▶ **Your task**:
Output all entries verbatim, dropping pictures.

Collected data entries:
____

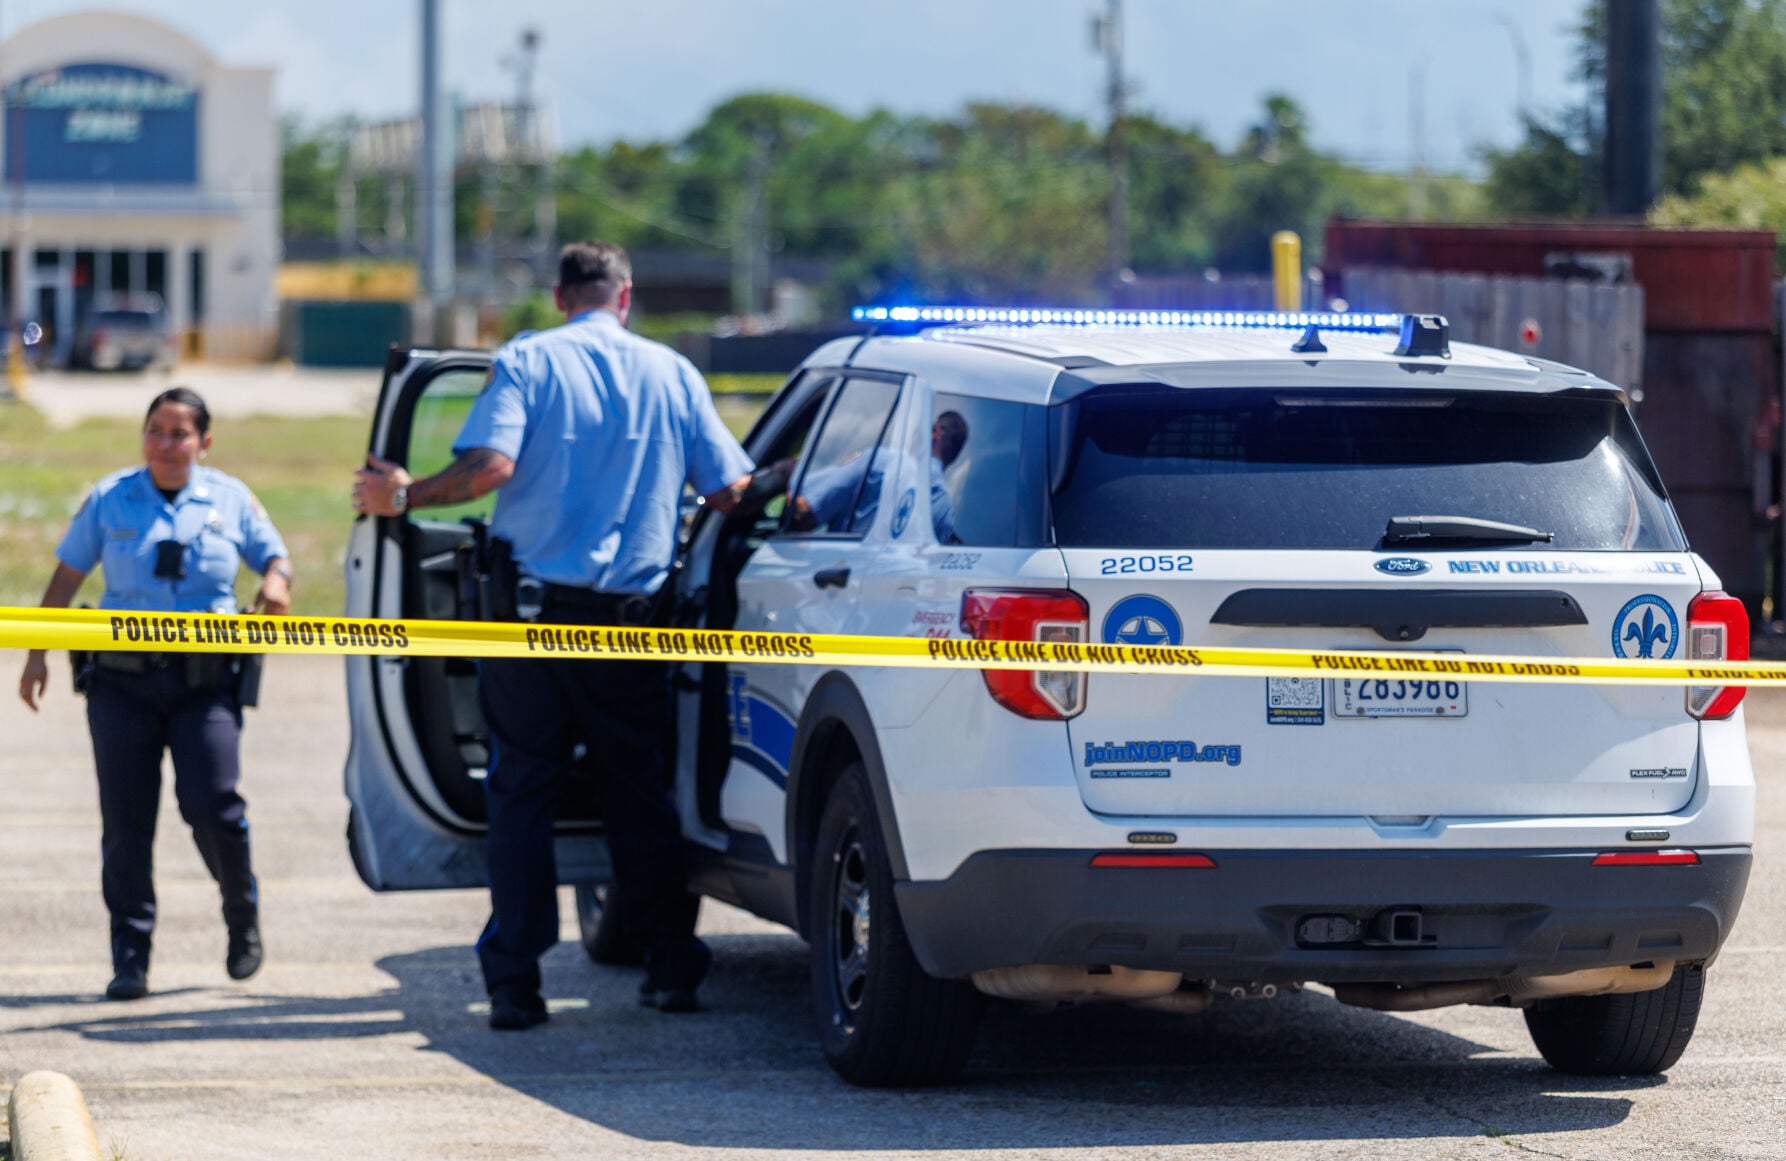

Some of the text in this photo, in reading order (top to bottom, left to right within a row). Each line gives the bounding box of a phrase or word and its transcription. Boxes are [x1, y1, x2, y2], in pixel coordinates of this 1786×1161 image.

[1101, 555, 1194, 575] 22052
[1387, 559, 1419, 571] Ford
[1447, 560, 1500, 574] NEW
[111, 616, 409, 648] POLICE LINE DO NOT CROSS
[526, 628, 815, 657] POLICE LINE DO NOT CROSS
[928, 639, 1203, 667] POLICE LINE DO NOT CROSS
[1312, 655, 1383, 670] POLICE
[1388, 657, 1429, 672] LINE
[1085, 741, 1241, 767] joinNOPD.org
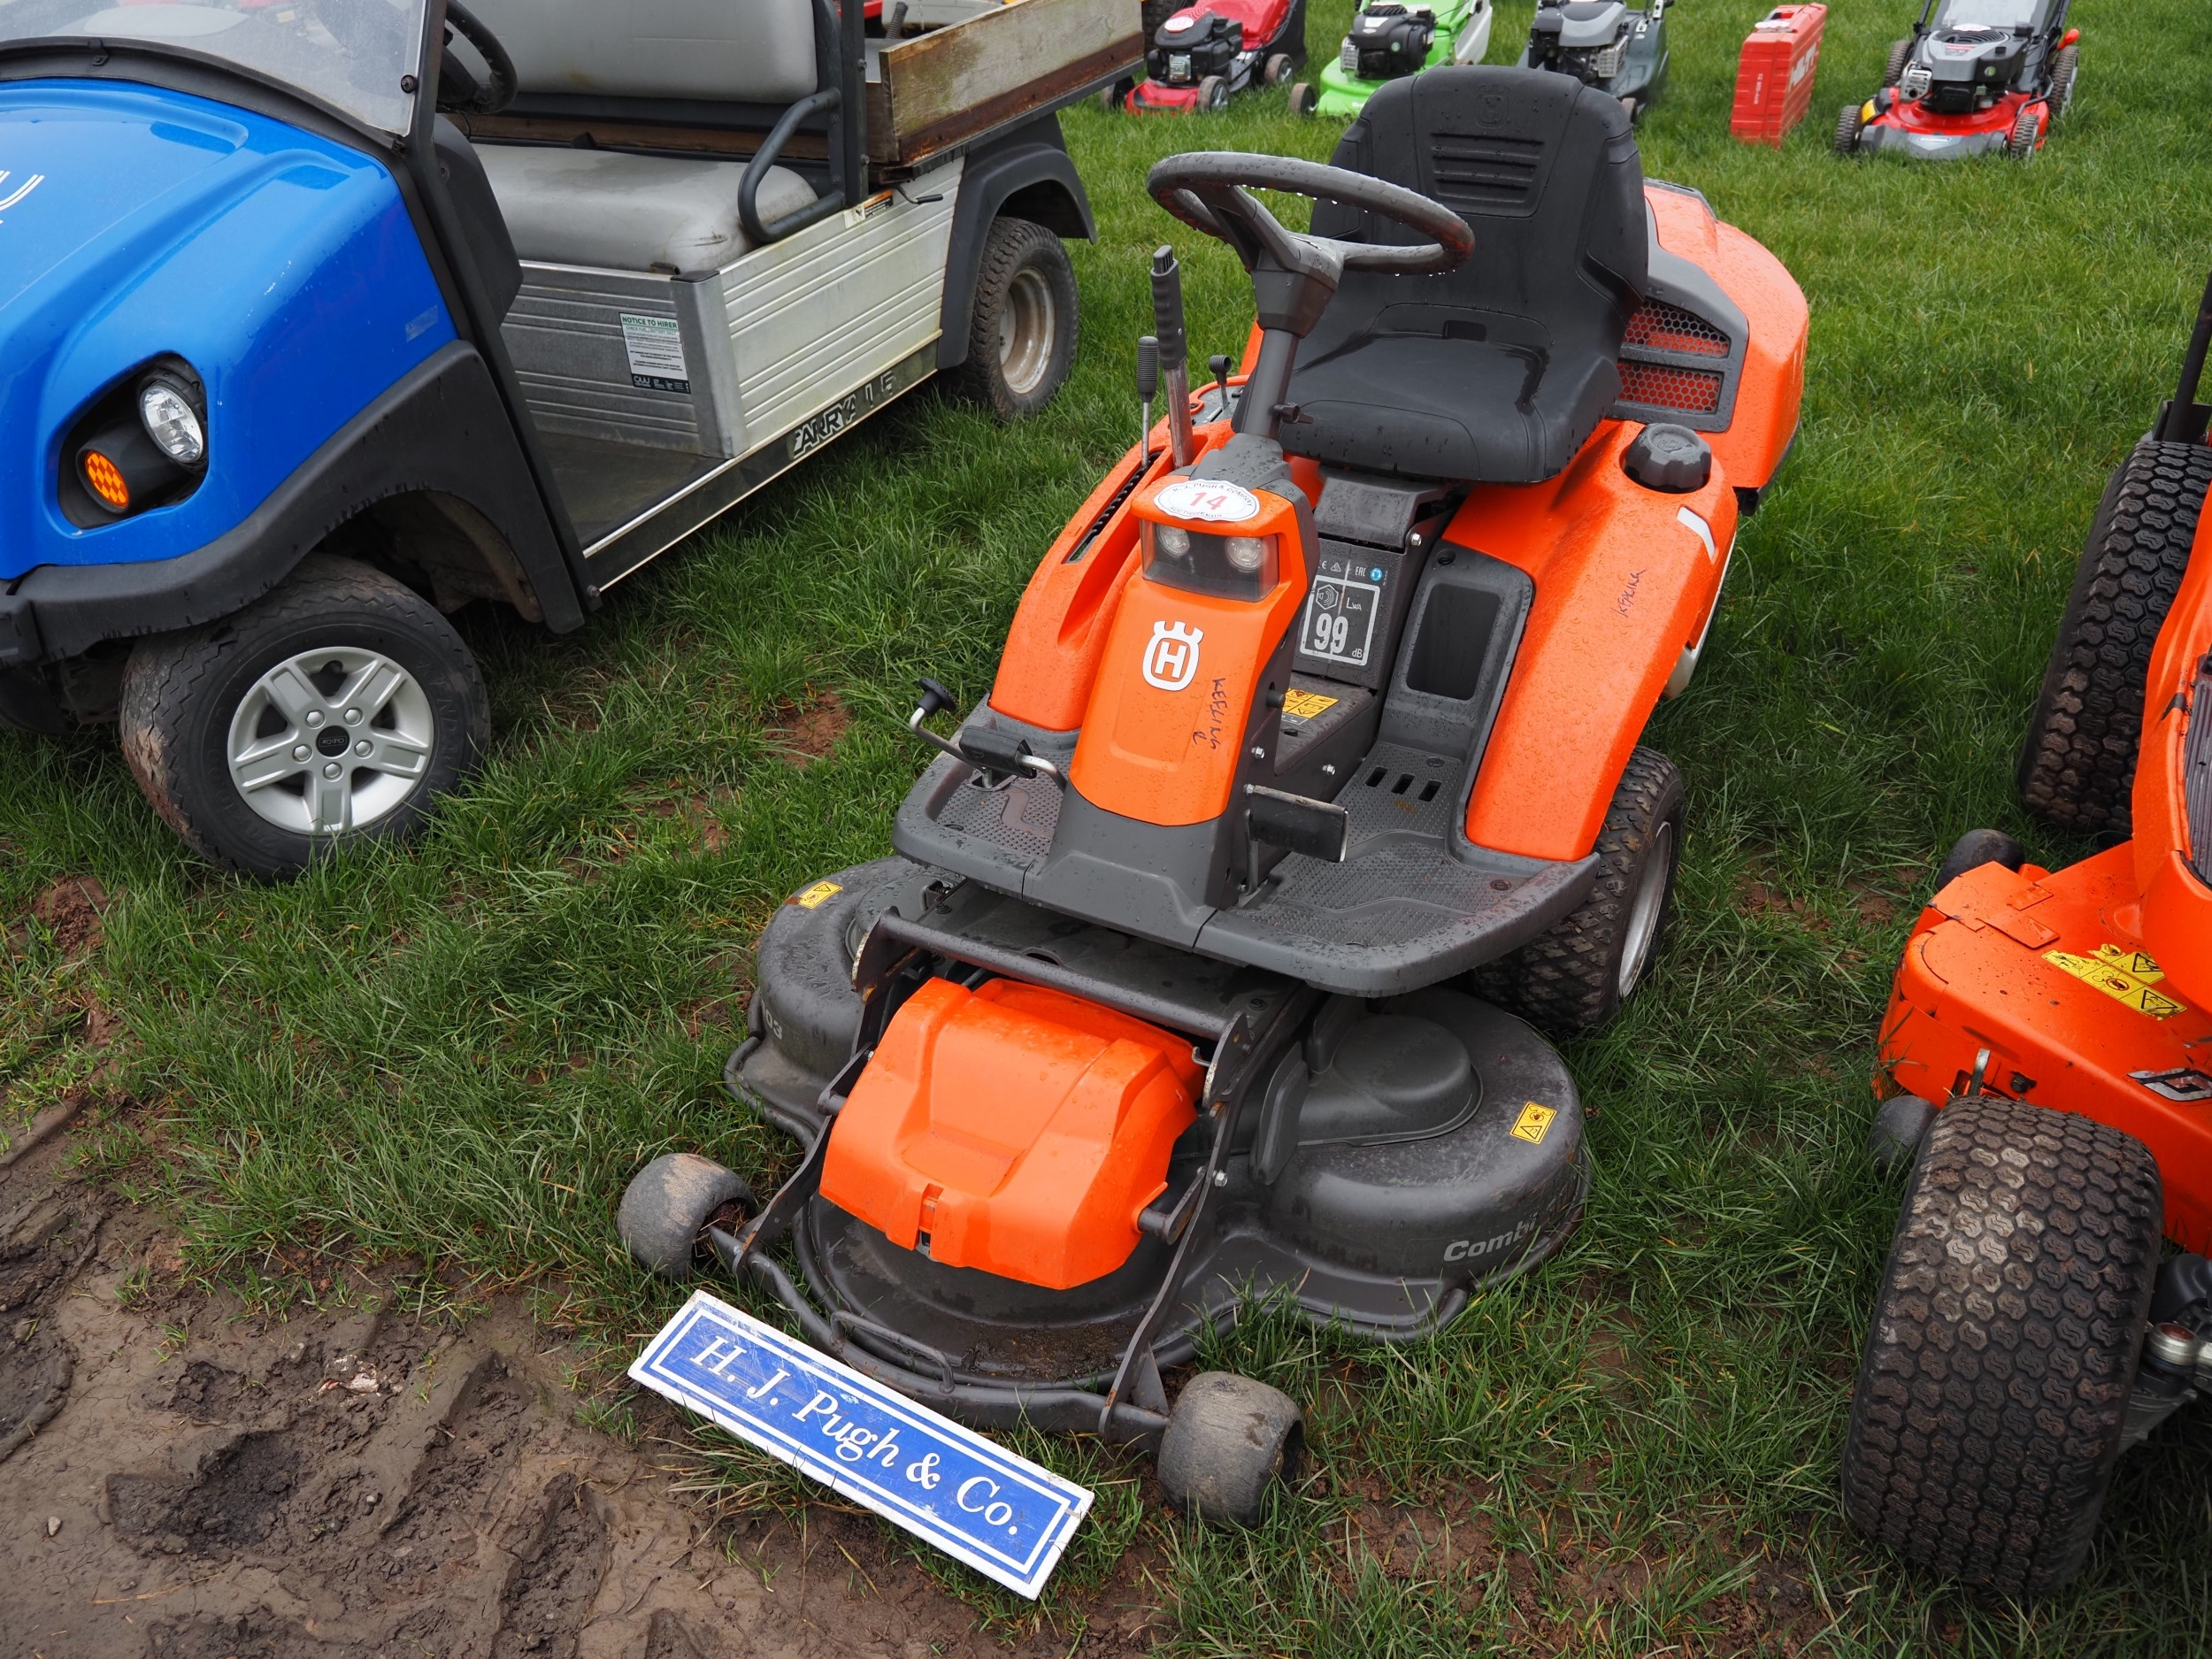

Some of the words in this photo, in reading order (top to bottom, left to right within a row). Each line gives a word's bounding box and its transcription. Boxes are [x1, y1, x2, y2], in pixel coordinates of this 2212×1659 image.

[622, 316, 646, 326] NOTICE
[1189, 492, 1228, 511] 14
[1226, 488, 1254, 507] COMPANY
[1314, 612, 1348, 654] 99
[1351, 648, 1363, 658] dB
[1443, 1211, 1539, 1262] Combi
[689, 1334, 747, 1382] H.
[746, 1368, 791, 1406] J.
[792, 1390, 900, 1469] Pugh
[905, 1452, 941, 1490] &
[956, 1475, 1019, 1535] Co.
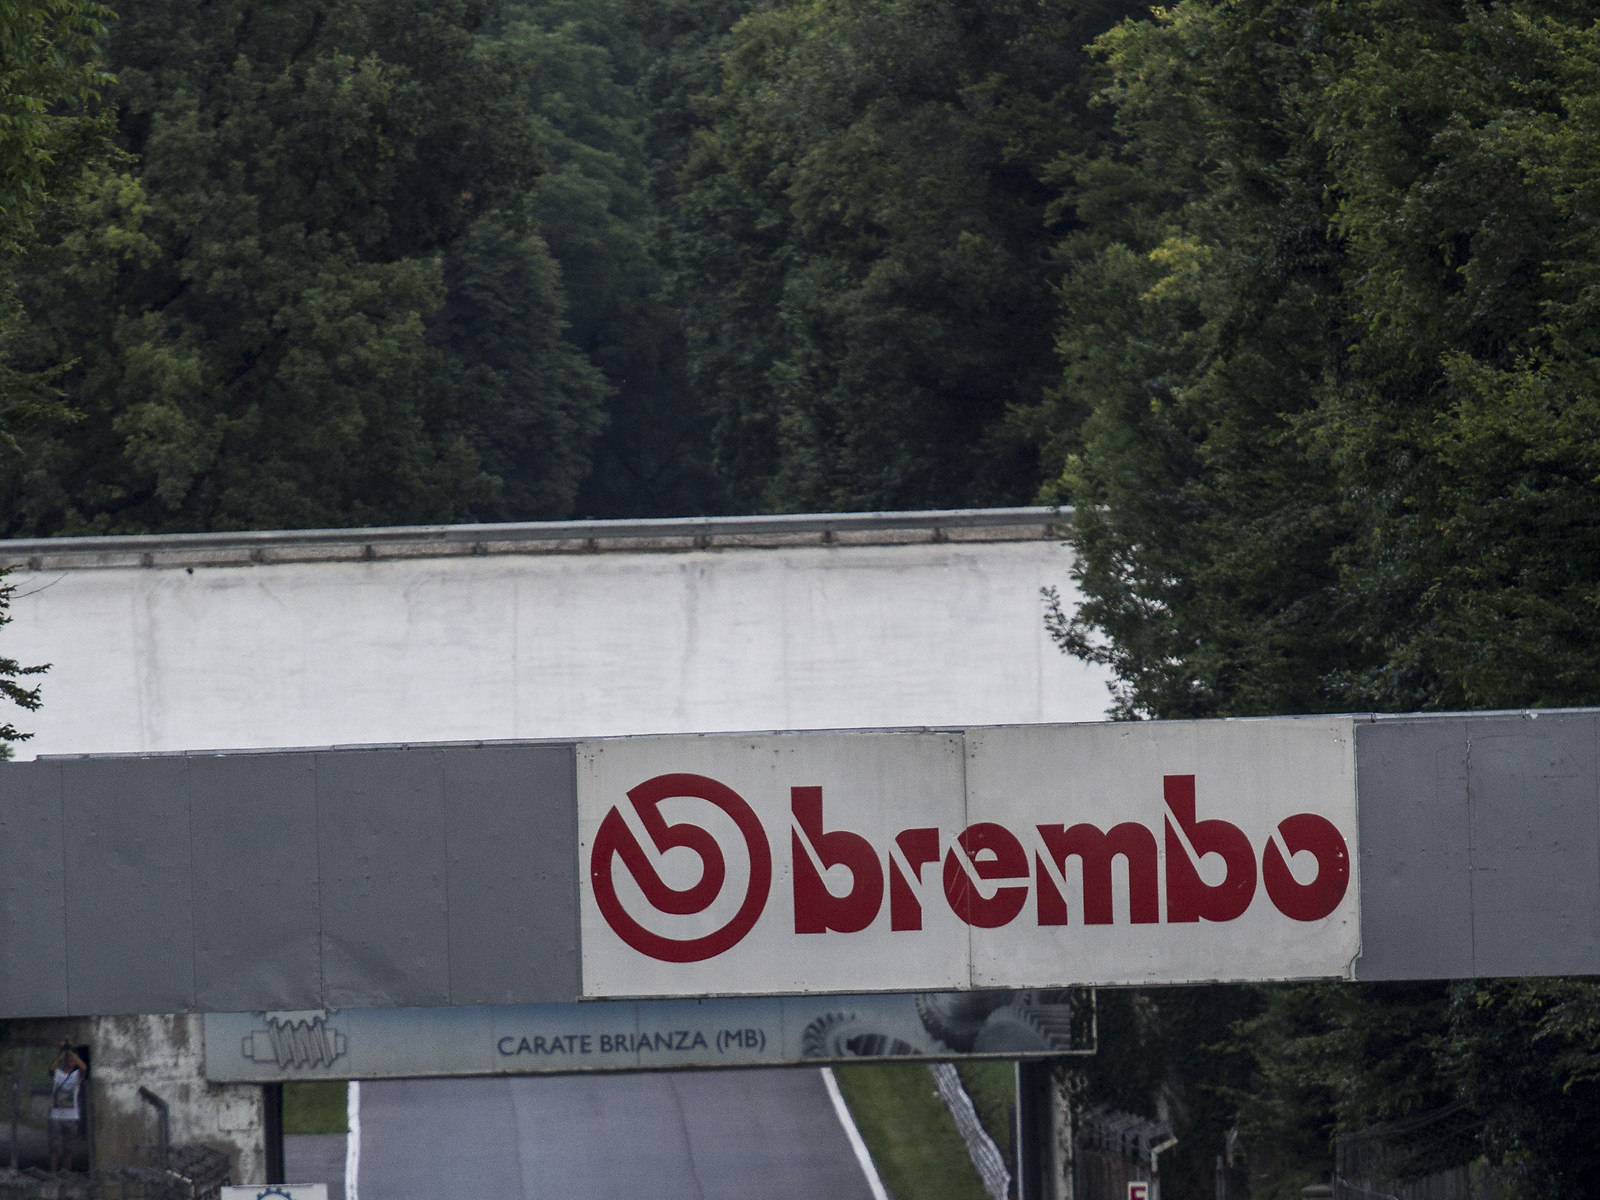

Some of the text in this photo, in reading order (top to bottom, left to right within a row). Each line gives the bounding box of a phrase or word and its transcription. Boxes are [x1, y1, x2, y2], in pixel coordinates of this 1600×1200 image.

____

▶ **Completed task**:
Some of the text in this photo, in reading order (top to bottom, left to right within a row). Each line gives the bounding box of a phrase or word and its transcription. Boxes are [x1, y1, x2, y2], in pixel coordinates of this 1786×1161 image.

[1101, 555, 1194, 575] 22052
[1387, 559, 1419, 571] Ford
[1447, 560, 1500, 574] NEW
[111, 616, 409, 648] POLICE LINE DO NOT CROSS
[526, 628, 815, 657] POLICE LINE DO NOT CROSS
[928, 639, 1203, 667] POLICE LINE DO NOT CROSS
[1312, 655, 1383, 670] POLICE
[1388, 657, 1429, 672] LINE
[1085, 741, 1241, 767] joinNOPD.org

Some of the words in this photo, in reading order (top to bottom, left to right within a row). Each line gives a word's bounding box and its transcription. Boxes are [x1, y1, x2, y2], in pixel coordinates of this 2212×1659 image.

[622, 316, 646, 326] NOTICE
[1189, 492, 1228, 511] 14
[1226, 488, 1254, 507] COMPANY
[1314, 612, 1348, 654] 99
[1351, 648, 1363, 658] dB
[1443, 1211, 1539, 1262] Combi
[689, 1334, 747, 1382] H.
[746, 1368, 791, 1406] J.
[792, 1390, 900, 1469] Pugh
[905, 1452, 941, 1490] &
[956, 1475, 1019, 1535] Co.

Some of the text in this photo, in reading order (top to bottom, left to right within a row). Each line gives the bounding box of a phrase or word and its transcription. Boxes are [x1, y1, x2, y2], in pixel coordinates of this 1600×1200 image.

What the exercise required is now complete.